Since the day I know him and we went to the cinema we always went to the original voice theaters here in Hamburg. Okay, sometimes it is really hard to understand (The Assassination of Jesse James ...) but if you have very characteristic roles such as The Joker in Dark Knight (just by watching the trailer) german becomes very boring ... the same as with "300" ... when the german dubber shouts out the german version of "Tonight we dine in hell" it sounds like Bush would do a speech in slo-mo.

Arg ... sorry for feeding the off-topic-worm


----------



## bryla (Aug 18, 2008)

It is still better than the polish way to do it. They duck the original voices and get ONE MAN to read - not act - the entire dialogues!! in a very monotone way


----------



## handz (Aug 18, 2008)

Bryla are you kidding? They do that in cinemas???!!


----------



## Niah (Aug 18, 2008)

http://www.youtube.com/watch?v=7Sx2mD0HvFY


It's a question of habbit really. 

For instance my cousin in France can't watch anything that isn't dubbed.


In my country we never had any dubbings it's all subtitled, so I literally can't stand dubbings. Once my aunt brought me a DVD of crouching tiger hidden dragon from the States and it was dubbed in english-american. Terrible I just couldn't watch it.

I still remember waking up in the morning when I was 6 and watching the flinstones with subtitles, and that's how I learned english anyway. Nowadays I think they are dubbing cartoons and I can't even watch that.

No doubt the original is just better, you take away the voice of an actor and you're taking like 50% of his performance. 

Same thing with music or books, once I read shakespeare in english I couldn't believe what I was missing.

But anyways I know it's hard to give up dubbings once you grew up with them.


----------



## José Herring (Aug 18, 2008)

Niah @ Mon Aug 18 said:


> Same thing with music or books, once I read shakespeare in english I couldn't believe what I was missing.
> 
> But anyways I know it's hard to give up dubbings once you grew up with them.



You can read Shakespeare?.....whoa :shock:


----------



## Niah (Aug 18, 2008)

josejherring @ Mon Aug 18 said:


> Niah @ Mon Aug 18 said:
> 
> 
> > Same thing with music or books, once I read shakespeare in english I couldn't believe what I was missing.
> ...



Doubt thou the stars are fire 
Doubt that the sun doth move 
Doubt truth to be a liar 
But never doubt I love 

:lol:


----------



## José Herring (Aug 18, 2008)

Beautiful.

SHAKESPEARE ROX!!!!


----------



## Brian Ralston (Aug 18, 2008)

"One cannot truly appreciate Shakespeare until they read it in its original Klingon." 
:mrgreen:


----------



## kid-surf (Aug 19, 2008)

THEME --

Let's not forget that the "director" is the boss.  Zimmer didn't determine whether or not he'd do themes in Batman, his boss, Chris Nolan did.
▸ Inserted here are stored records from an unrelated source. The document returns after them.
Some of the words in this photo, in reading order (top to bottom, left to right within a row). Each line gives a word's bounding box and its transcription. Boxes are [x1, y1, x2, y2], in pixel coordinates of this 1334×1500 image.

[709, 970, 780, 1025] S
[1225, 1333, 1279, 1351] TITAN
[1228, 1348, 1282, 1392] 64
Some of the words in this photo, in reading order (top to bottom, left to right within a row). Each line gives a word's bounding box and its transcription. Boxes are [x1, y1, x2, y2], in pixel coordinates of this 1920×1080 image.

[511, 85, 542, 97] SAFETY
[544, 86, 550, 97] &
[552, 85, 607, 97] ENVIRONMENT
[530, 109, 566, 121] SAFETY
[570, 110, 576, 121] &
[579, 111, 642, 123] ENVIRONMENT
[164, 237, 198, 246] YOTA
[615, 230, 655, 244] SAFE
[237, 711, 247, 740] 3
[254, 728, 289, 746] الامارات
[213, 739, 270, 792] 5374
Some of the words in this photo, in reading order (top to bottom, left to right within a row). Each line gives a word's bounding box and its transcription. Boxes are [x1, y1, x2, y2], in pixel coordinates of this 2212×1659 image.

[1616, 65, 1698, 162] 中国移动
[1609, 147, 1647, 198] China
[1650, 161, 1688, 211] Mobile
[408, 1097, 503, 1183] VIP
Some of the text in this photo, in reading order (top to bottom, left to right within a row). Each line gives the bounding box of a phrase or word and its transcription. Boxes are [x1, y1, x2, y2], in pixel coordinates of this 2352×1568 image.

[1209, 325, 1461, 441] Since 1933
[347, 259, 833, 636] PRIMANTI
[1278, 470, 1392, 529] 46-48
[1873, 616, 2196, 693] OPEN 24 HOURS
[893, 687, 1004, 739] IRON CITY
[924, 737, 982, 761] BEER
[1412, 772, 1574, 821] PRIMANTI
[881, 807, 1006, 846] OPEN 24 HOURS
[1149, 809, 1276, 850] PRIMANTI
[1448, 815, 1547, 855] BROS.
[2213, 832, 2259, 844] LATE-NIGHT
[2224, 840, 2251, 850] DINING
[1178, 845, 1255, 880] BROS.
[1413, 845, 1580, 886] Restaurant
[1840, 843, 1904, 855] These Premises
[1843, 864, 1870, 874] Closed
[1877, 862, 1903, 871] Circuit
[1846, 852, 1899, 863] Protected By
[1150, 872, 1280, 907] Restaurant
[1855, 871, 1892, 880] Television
And that was, pretty much, that.

Yeah, it's kinda funny to me how some composers expect a film to be about the music instead of the STORY. You really think all these people bust their ass only to create images for which you can then compose themes for? 

Tell you what... when I direct one of my films I'm not using any themes. Fuck 'em... don't need a theme to tell my story. What's important to me is TONE. Composers can write all the themes they want AWAY from film. Bottom line this isn't about the composer it's about the story and the best way to serve that story. THAT is the reason the audience bothers to pay their $10 (STORY not THEME).

Otherwise, I agree, some directors are knuckle-heads w/no "vision", and too many of them wouldn't know how to write a brilliant script if the first 100 pages fell in their lap. Chris Nolan ain't one of them, he's the real deal. (not that I didn't have tremendous issues with Dark Night, because I did. But they DID get the music right... script just needed a lot more work. )


----------



## RMWSound (Aug 19, 2008)

kid-surf @ Tue Aug 19 said:


> THEME --
> 
> *Let's not forget that the "director" is the boss.  Zimmer didn't determine whether or not he'd do themes in Batman, his boss, Chris Nolan did. And that was, pretty much, that.*
> 
> ...



Actually, Hans and JNH said in an interview recently that Nolan didn't say one way or the other, and that they wrote exactly what they wanted. 

Edit: The interview is at Scorenotes.com BTW.


----------



## Aaron Sapp (Aug 19, 2008)

kid-surf @ Tue Aug 19 said:


> Tell you what... when I direct one of my films I'm not using any themes. f#@k 'em... don't need a theme to tell my story. What's important to me is TONE. Composers can write all the themes they want AWAY from film. Bottom line this isn't about the composer it's about the story and the best way to serve that story. THAT is the reason the audience bothers to pay their $10 (STORY not THEME).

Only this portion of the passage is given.